Sebagian masyarakat Indonesia masih skeptis terhadap kemauan dan kemampuan pemerintah menuntaskan kasus pelanggaran HAM berat masa lalu. Banyak yang tidak yakin pemerintah akan mampu mengungkapnya.
Oleh
TIM KOMPAS
·2 menit baca
JAKARTA, KOMPAS - Peringatan Hari Hak Asasi Manusia diwarnai sikap skeptis publik terhadap kemauan dan kemampuan pemerintah menuntaskan kasus pelanggaran HAM berat masa lalu. Rencana pemerintah menyelesaikan pelanggaran HAM berat masa lalu dengan membuat Undang-Undang Komisi Kebenaran dan Rekonsiliasi atau KKR disikapi kritis kelompok masyarakat sipil.
Skeptisisme publik itu tergambar dari jajak pendapat Litbang Kompas pada 4-5 Desember 2019 terhadap 512 responden di 17 kota besar di Indonesia.
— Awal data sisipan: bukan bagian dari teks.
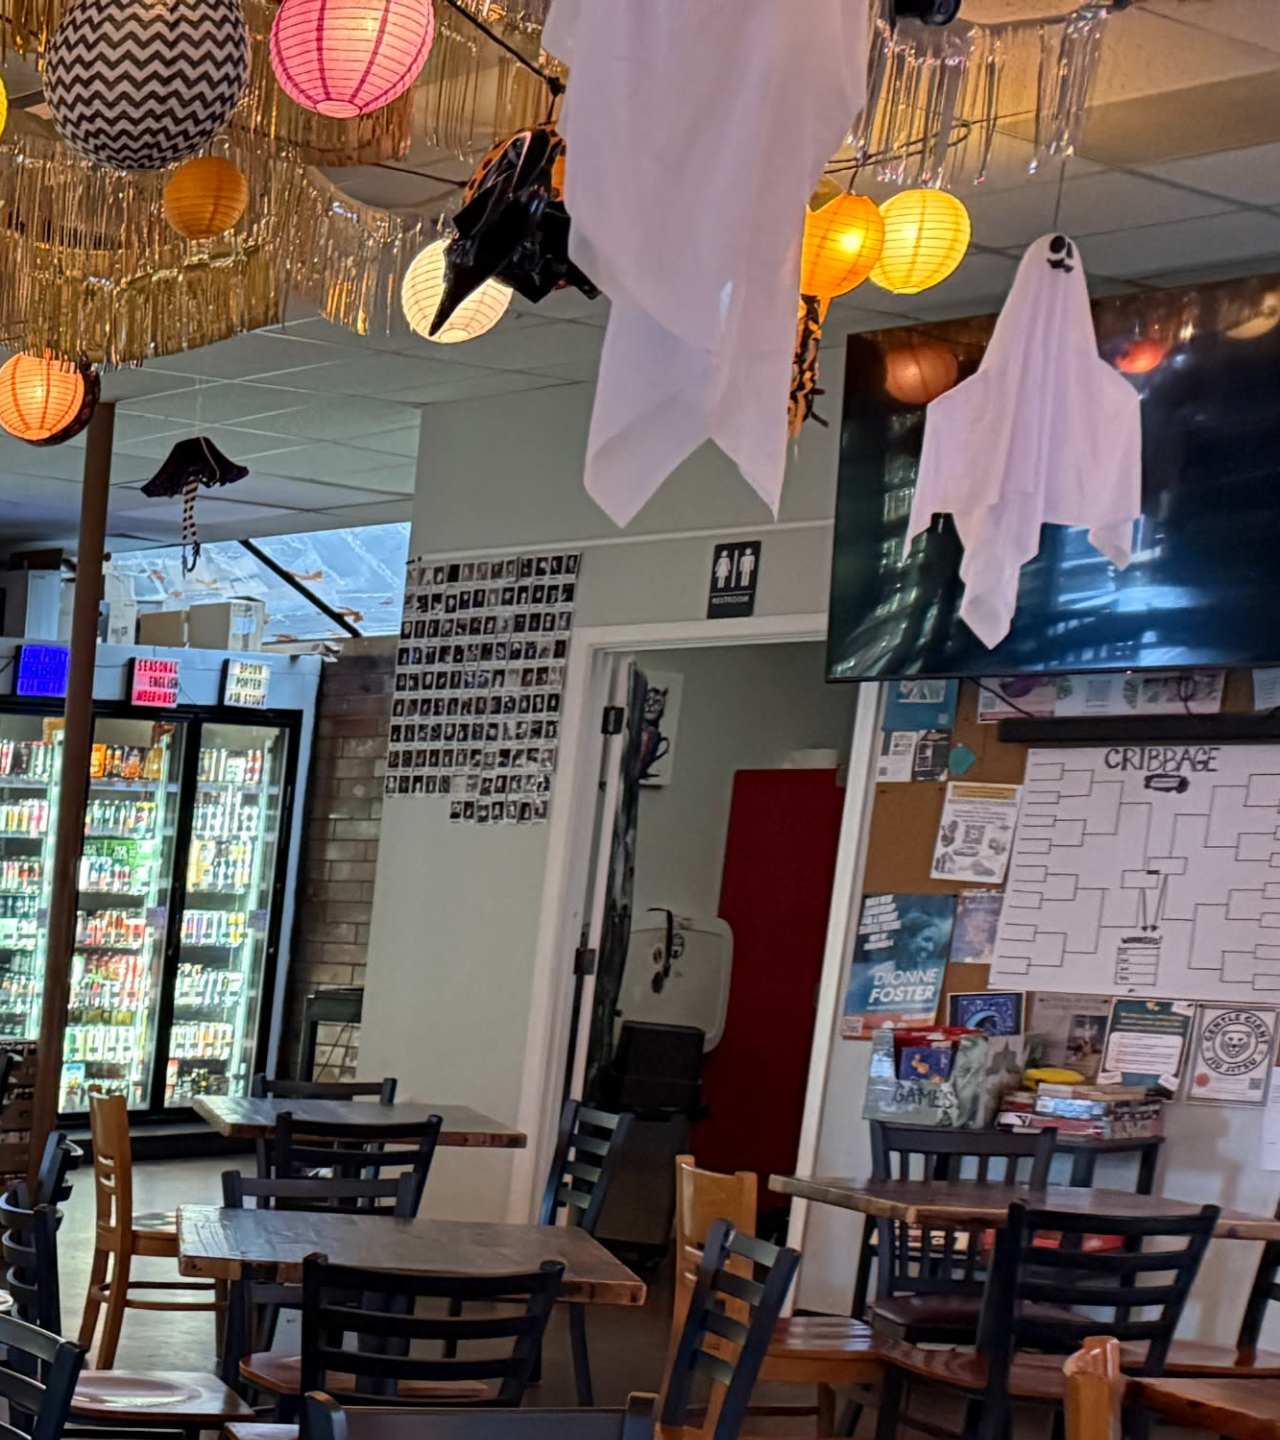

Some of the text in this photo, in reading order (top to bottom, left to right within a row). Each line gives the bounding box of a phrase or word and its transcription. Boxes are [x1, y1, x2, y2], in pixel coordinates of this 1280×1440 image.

[137, 659, 178, 674] SEASONAL
[149, 676, 178, 690] ENGLISH
[1103, 747, 1222, 773] CRIBBAGE
[872, 967, 939, 986] DIONNE
[868, 985, 936, 1004] FOSTER
[1203, 1013, 1242, 1042] GENTLE
[1244, 1015, 1269, 1044] GIANT
[894, 1082, 954, 1110] GAMES
Sebanyak 61,1 persen responden menyatakan tidak yakin pemerintah akan mampu mengungkap tuntas pelanggaran HAM berat di masa lalu, seperti kerusuhan Mei serta peristiwa Semanggi I dan II.
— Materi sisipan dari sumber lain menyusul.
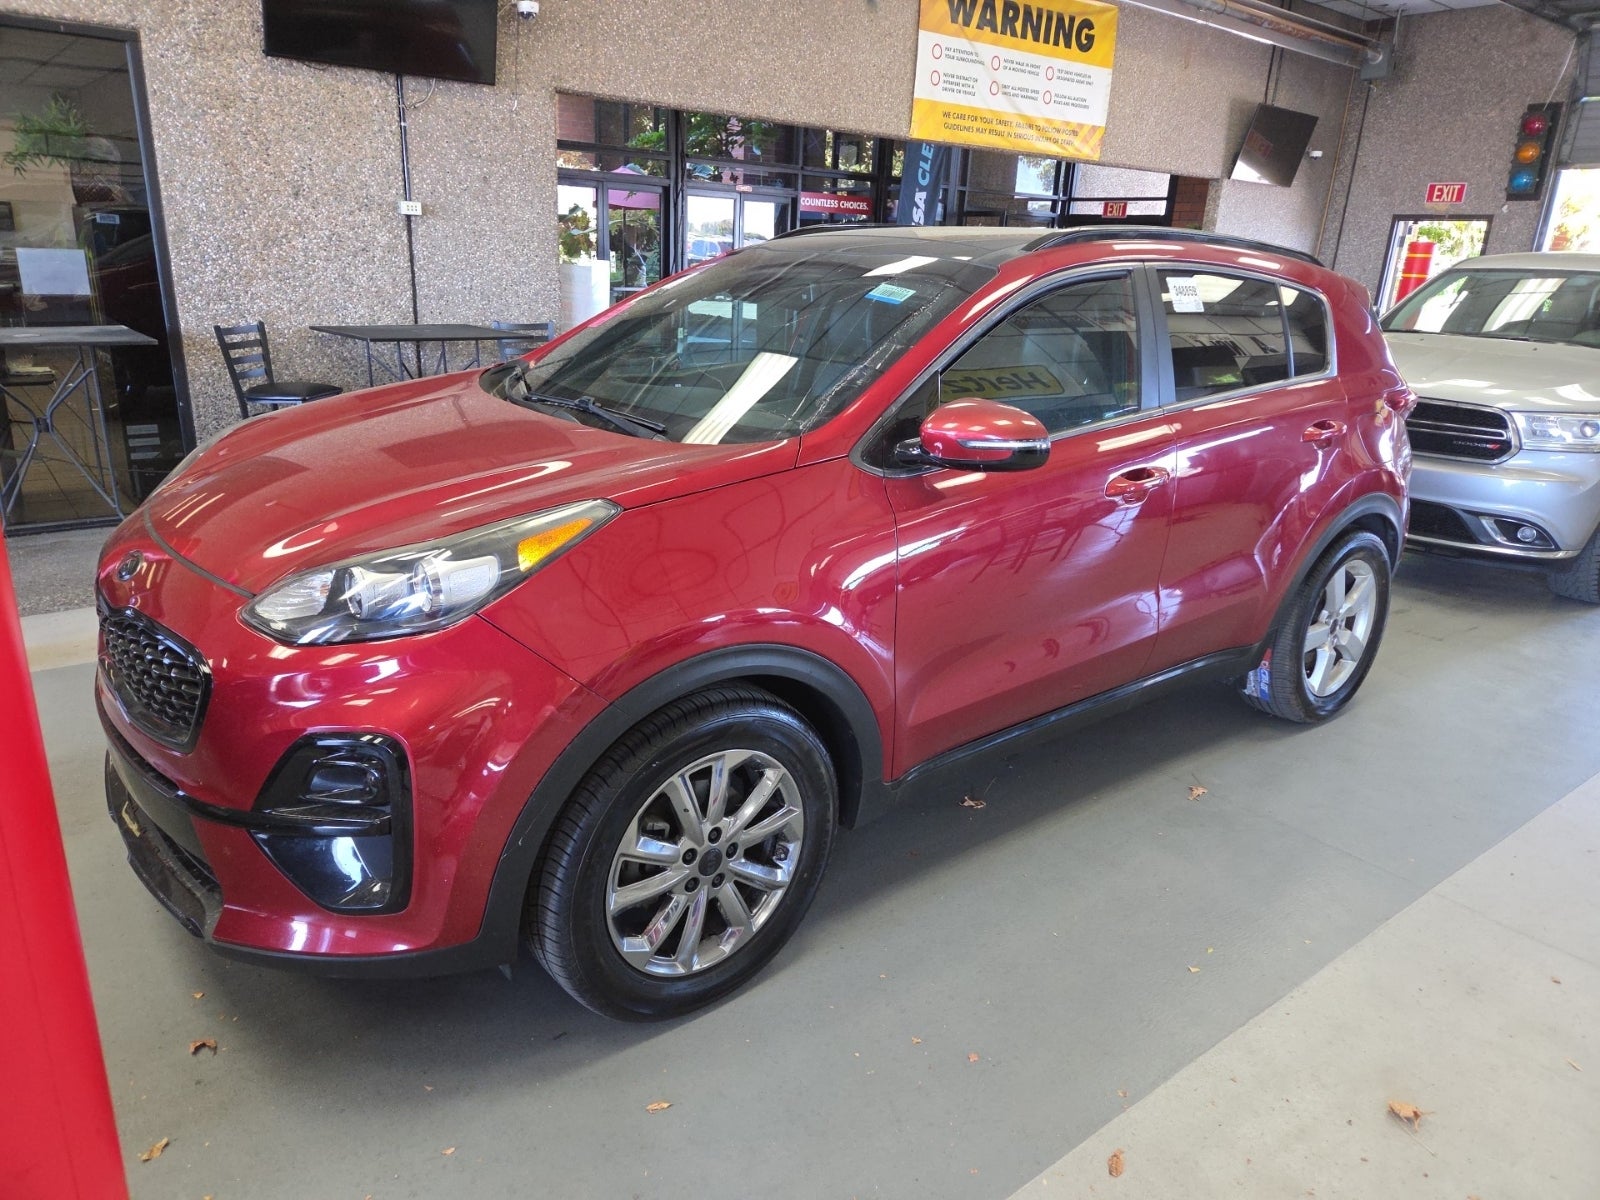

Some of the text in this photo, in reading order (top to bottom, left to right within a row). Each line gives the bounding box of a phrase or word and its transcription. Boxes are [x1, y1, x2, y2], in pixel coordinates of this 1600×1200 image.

[948, 0, 1096, 53] WARNING
[943, 111, 951, 119] WE
[952, 112, 966, 121] CARE
[967, 114, 978, 122] FOR
[980, 116, 994, 124] YOUR
[943, 122, 974, 133] GUIDELINES
[975, 126, 987, 134] MAY
[988, 128, 1005, 137] RESULT
[911, 142, 935, 226] SA CLE
[1432, 184, 1462, 202] EXIT
[800, 197, 869, 211] COUNTLESS CHOICES.
[1107, 201, 1125, 216] EXIT
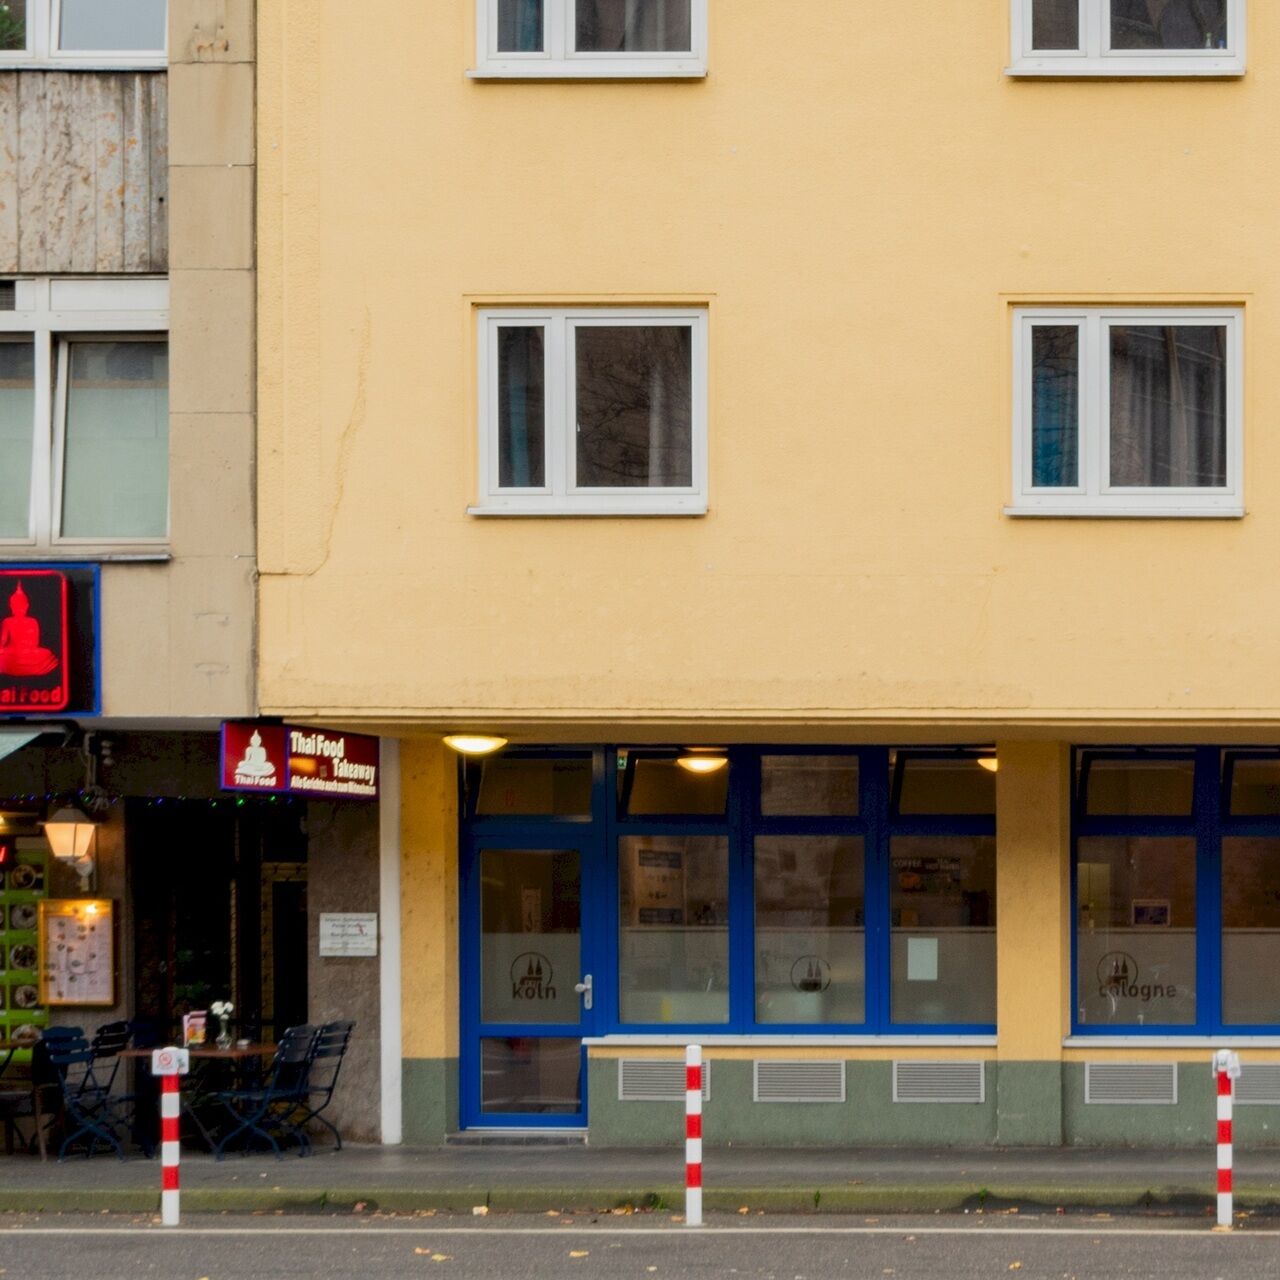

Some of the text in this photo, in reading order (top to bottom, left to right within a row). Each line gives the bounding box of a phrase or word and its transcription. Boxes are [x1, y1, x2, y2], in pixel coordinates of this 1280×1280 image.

[290, 731, 345, 758] Thai Food
[235, 775, 277, 787] Thai Food
[333, 758, 375, 785] Takeaway
[1099, 980, 1177, 1002] cologne
Terkait penyelesaian kasus HAM berat masa lalu, Menteri Koordinator Bidang Politik, Hukum, dan Keamanan Mahfud MD seusai memperingati Hari HAM Sedunia di Bandung, Selasa (10/12), mengatakan, pemerintah berencana mengusulkan rancangan UU KKR dalam Program Legislasi Nasional 2020. ”Rancangan UU telah kami siapkan. Dalam waktu dekat akan disahkan, mudah-mudahan tahun ini,” ujarnya.
UU sejenis sebelumnya pernah dibentuk, yakni UU Nomor 27 Tahun 2004, tetapi dibatalkan keseluruhan oleh Mahkamah Konstitusi dalam putusan Nomor 006/PUU-IV/2006. Mahfud menuturkan, pelanggaran HAM masa lalu sulit diselesaikan karena pihak-pihak yang terlibat memiliki pendapat bertolak belakang. Perbedaan pilihan itu merupakan konsekuensi dari sistem demokrasi.
Proses hukum
Komisioner Komnas HAM, Choirul Anam, menilai, narasi KKR tidak tepat. Menurut dia, pengadilan masih jalan terbaik untuk menyelesaikan pelanggaran HAM berat masa lalu.
Koordinator Badan Pekerja Komisi untuk Orang Hilang dan Korban Tindak Kekerasan Yati Andriyani mengingatkan, penyelesaian melalui KKR tak hanya memaafkan tanpa melalui proses hukum di pengadilan. ”KKR memiliki tiga prinsip, yakni pengungkapan kebenaran dan pengakuan, memastikan keadilan bagi korban, dan pemulihan hak korban,” kata Yati.
Sementara itu, Direktur Eksekutif Setara Institute Ismail Hasani mengatakan, sebaiknya saat ini pemerintah melakukan pencarian fakta. Dengan demikian, proses ini tak terjebak pada yudisial atau nonyudisial. (REK/RTG/JAL/IAN/EDN)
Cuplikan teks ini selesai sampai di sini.